With the model, the sensitivity of detection reached 0.887 at false positive rate of 0.25(Figure S5). With the model, the AUC of differentiating benign from malignant lesions was 0.983 (95% CI: 0.978, 0.988) (Figure 6, Table S10). The sensitivity, specificity, PPV, and NPV of diagnosis were 94.36%, 98.07%, 87.76%, and 99.09%, respectively. The AUC of the model diagnosing alone in A-F centers was 0.959, 0.959, 0.986, 0.970, 0.941, and 0.989, respectively (Figure S6). The mean diagnosis time of each mammogram was 94.23 s.

In the present study, a mammography-based artificial intelligence model for breast cancer was established, and it was unveiled that the proposed system had superior diagnostic performance, and can assist radiologists to improve the diagnostic accuracy and shorten the diagnosis time. Finally, through prospective multicenter population verification, the system exhibited a satisfactory auxiliary diagnostic performance. To our knowledge, this is the first prospective clinical research in the field of mammography based on AI, and outstanding outcomes could be achieved.

In order to avoid missed diagnosis, an AI-assisted diagnosis model may lead to increase of false-positive rate. In clinical application, a model with high false-positive rate may result in over-testing, interfering with radiologists’ attention, consuming radiologist’ energy, and increasing patients’ psychological anxiety and financial burden. Several AI-based models for mammography were previously reported, some of which were developed for the purposes of detection and classification [27], and some of which were developed based on clinical data [28-29], while none of them tackled the above-mentioned deficiencies. Our model could make a correlation between the two views of lesions. Our model used a matching module to combine the image on the CC position and MLO position to ensure that the detected lesion was a true positive lesion. It can be seen from the data obtained before and after matching that the matching module reduced the false-positive rate, while ensured the sensitivity, and improved the accuracy of differentiation of benign from malignant lesions, indicating the reliable capability of clinical application of the proposed system.

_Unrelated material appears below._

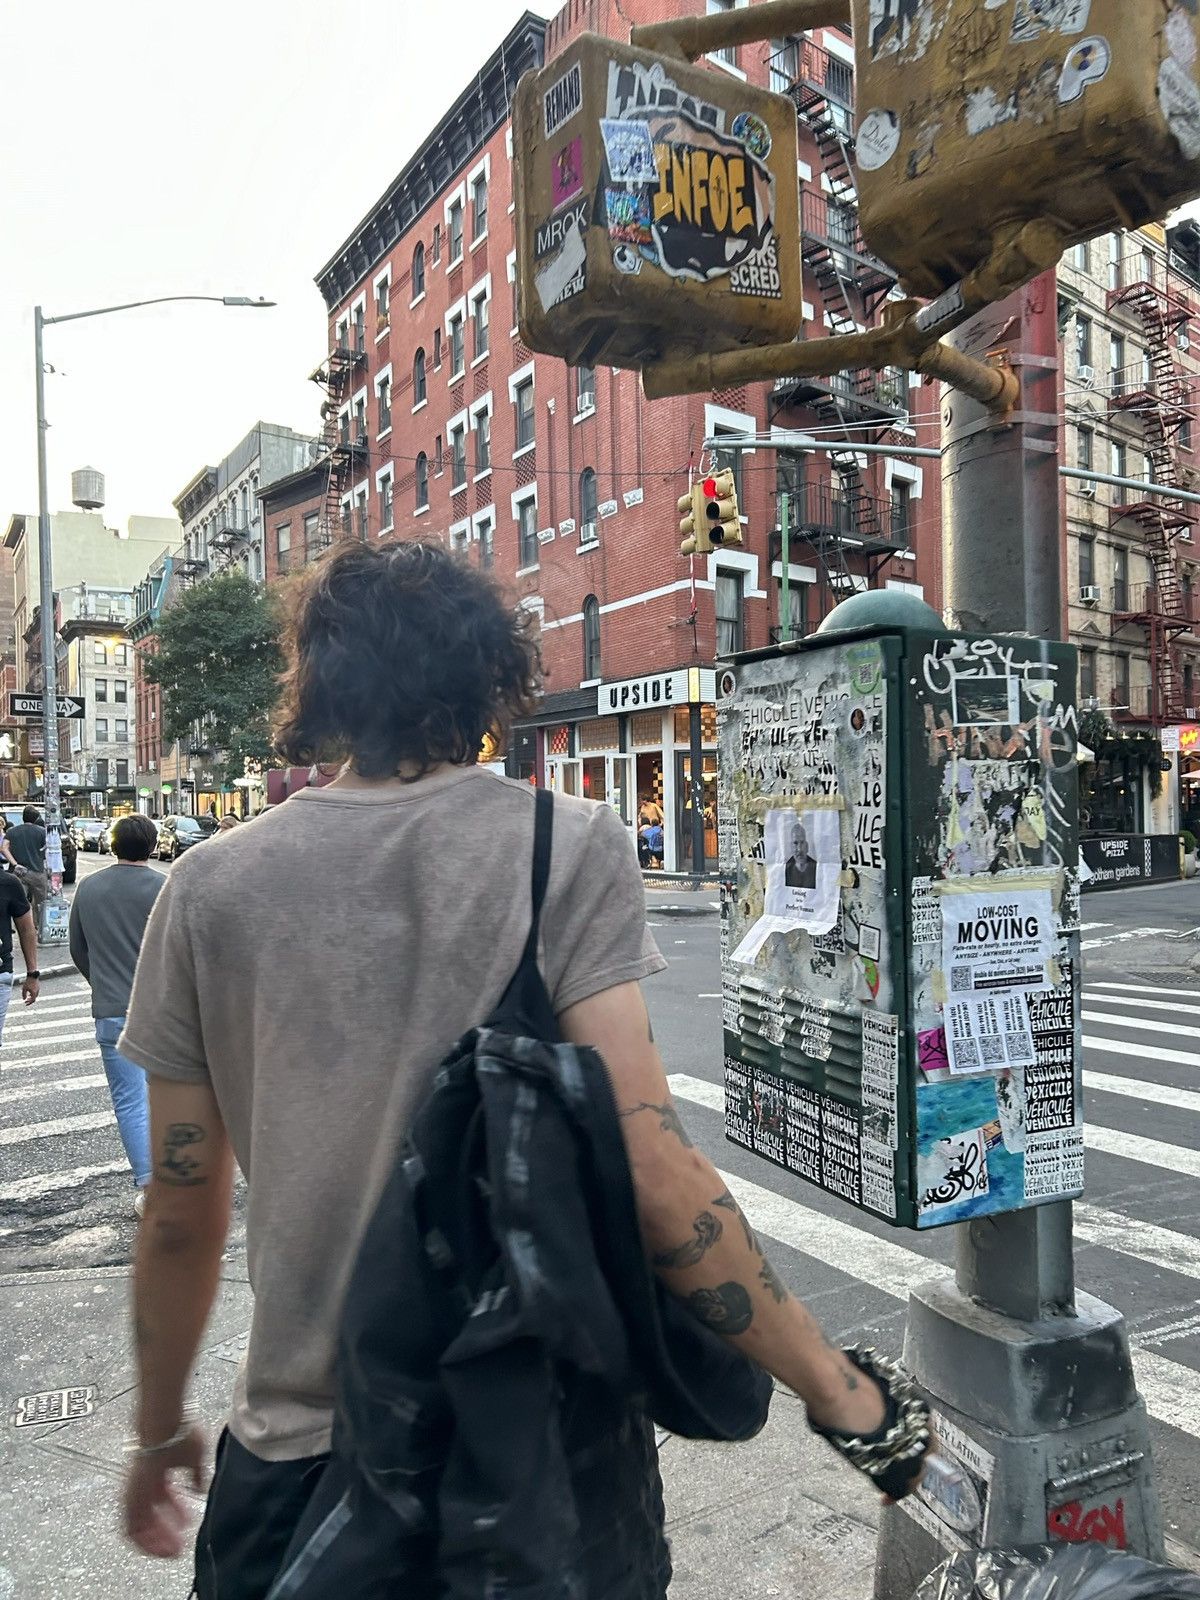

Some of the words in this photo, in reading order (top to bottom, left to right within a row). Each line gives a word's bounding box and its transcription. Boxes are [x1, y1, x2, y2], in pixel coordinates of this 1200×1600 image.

In our study, three different participants were selected for model developing, comparative testing and prospective validation. During the development of the model, we selected the population with suspicious lesions in mammography for better learning. In the comparison test, the 200 mammogram cases were significantly more difficult than those in the usual clinical work, in order to better test the auxiliary ability of the model. In the prospective verification, the cases we collected were as close to the real world as possible, which is more conducive to observing the role of assisted diagnosis system in the real world. The results presented were different due to the differences in the population observed. In the first part of the study population are suspected cases and therefore the AUC of classification of the model is 0.852, and in the prospective part, participants include clinic diagnosis and screening, as well as breast X-ray negative cases, the results reached 0.983.

In the part of testing whether the model can assist a radiologist to improve the diagnostic performance, we deliberately selected the difficult and differentiated cases. This aimed to monitor radiologists’ diagnostic accuracy in diagnosing difficult cases and simple cases, so as to better assess the capability of the model in assisting radiologists for diagnosing and clarifying its clinical application value. With the model, the 12 radiologists’ diagnostic performance was higher than that without assistance (0.852 vs. 0.808, P = 0.005). It indicated that radiologists’ diagnostic performance can be improved with the DL model. The results showed that the sensitivity of the diagnosis of 12 radiologists reading alone was quite different (38.8-98.6%), which is consistent with result of a previous study [30], and is also one of the important reasons for the implementation of double-reading. This may be related to radiologists’ experience. The AUC of the model-independent diagnosis was 0.835 (95% CI: 0.819, 0.852), which was close to some radiologists’ diagnostic performance. Therefore, it is feasible to make the model for fast and robust diagnosing patients with breast cancer.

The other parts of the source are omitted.